Kristin Richman, a California-based CNM, also struggles with reimbursement rates: “Medicaid doesn’t cover out-of-hospital midwives [in California], and midwives have difficulty opening private practices due to onerous regulations.” Medicaid and the Children’s Health Insurance Program pay for nearly half of all births in the U.S., excluding many individuals from using practitioners like Richman in a state that needs them the most. California anticipates a primary care shortage by 2030.

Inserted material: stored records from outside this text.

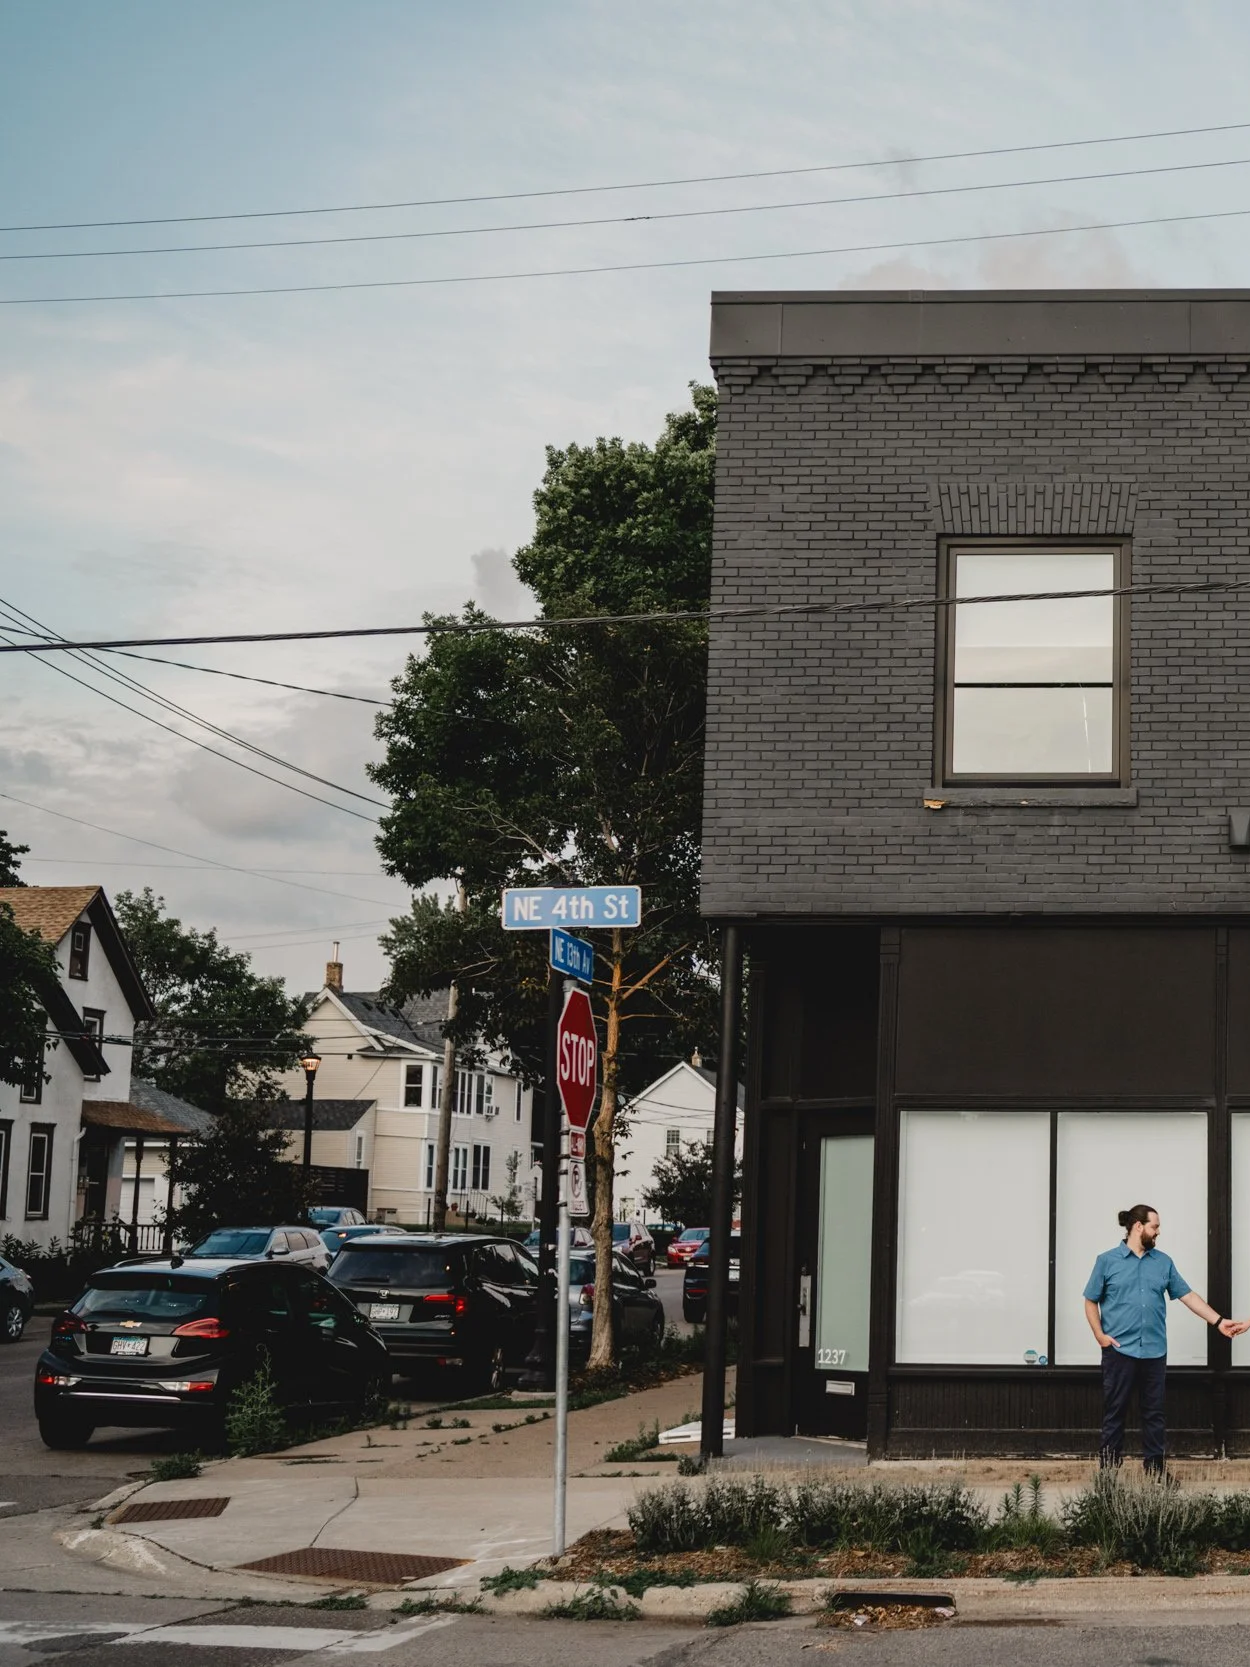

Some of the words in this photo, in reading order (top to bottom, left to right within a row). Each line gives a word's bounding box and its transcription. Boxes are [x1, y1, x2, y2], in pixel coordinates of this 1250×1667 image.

[513, 896, 542, 921] NE
[551, 895, 594, 920] 4th
[603, 894, 629, 919] St
[554, 935, 565, 963] NE
[566, 942, 580, 970] 13th
[560, 1030, 595, 1087] STOP
[817, 1348, 846, 1365] 1237

But it doesn’t have to be that way. Mairi Breen Rothman has been in practice along the Washington-Maryland border since 1996. Because Maryland’s laws were much more burdensome than the district’s, when she opened her own practice—M.A.M.A.S. Inc.—in 2007, she started in D.C. Thanks to the efforts of nurses like Rothman, in 2014, Maryland began allowing certified nurse midwives to practice with just evidence of their education and a license. The result? “We’ve attended over 600 babies, have a 5½ percent cesarean rate, and an 8 percent transfer rate.” Translation: lots of healthy babies born with less expensive, less risky procedures.

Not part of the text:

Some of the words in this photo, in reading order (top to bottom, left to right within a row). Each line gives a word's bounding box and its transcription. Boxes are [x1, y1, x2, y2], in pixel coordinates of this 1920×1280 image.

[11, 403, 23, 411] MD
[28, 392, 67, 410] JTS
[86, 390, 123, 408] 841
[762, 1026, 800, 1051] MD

Rothman contends that if she or other CNMs were able to take patients covered by Medicaid, they could help reduce the risk and cost of maternity care by providing the services they do—like important ongoing health monitoring—instead of the ones hospitals opt for, like costly C-sections. “We would like to offer our services to women on Medicaid, but Medicaid currently requires a prohibitive amount of liability insurance that we really don’t need since we are not part of an institution. If we were able to serve Medicaid clients, we estimate that we would be able to save the state of Maryland quite a bit of money.”
If midwives had the ability to work to the full extent of their training, their practice would expand access, reduce cost to maternal health care, and provide meaningful job opportunities in the fastest-growing sector of the economy, care work. But making those changes won’t be easy, largely because the status quo is maintained by powerful organizations like the American Medical Association. Though the gender breakdowns of the professions have changed, the elevation of historically masculine jobs like doctors and a devaluation of feminine jobs such as nursing may still be swaying policy toward barriers that are actively hurting care. Polls show that nurses are the most trusted of any profession. Perhaps it’s time for policymakers to translate that respect into higher wages and independence.
*Correction Nov. 6, 2017: This post originally misstated that Peiyin Hung’s study on access to obstetric services covered results found between 2000 and 2014. It was from between 2004 and 2014.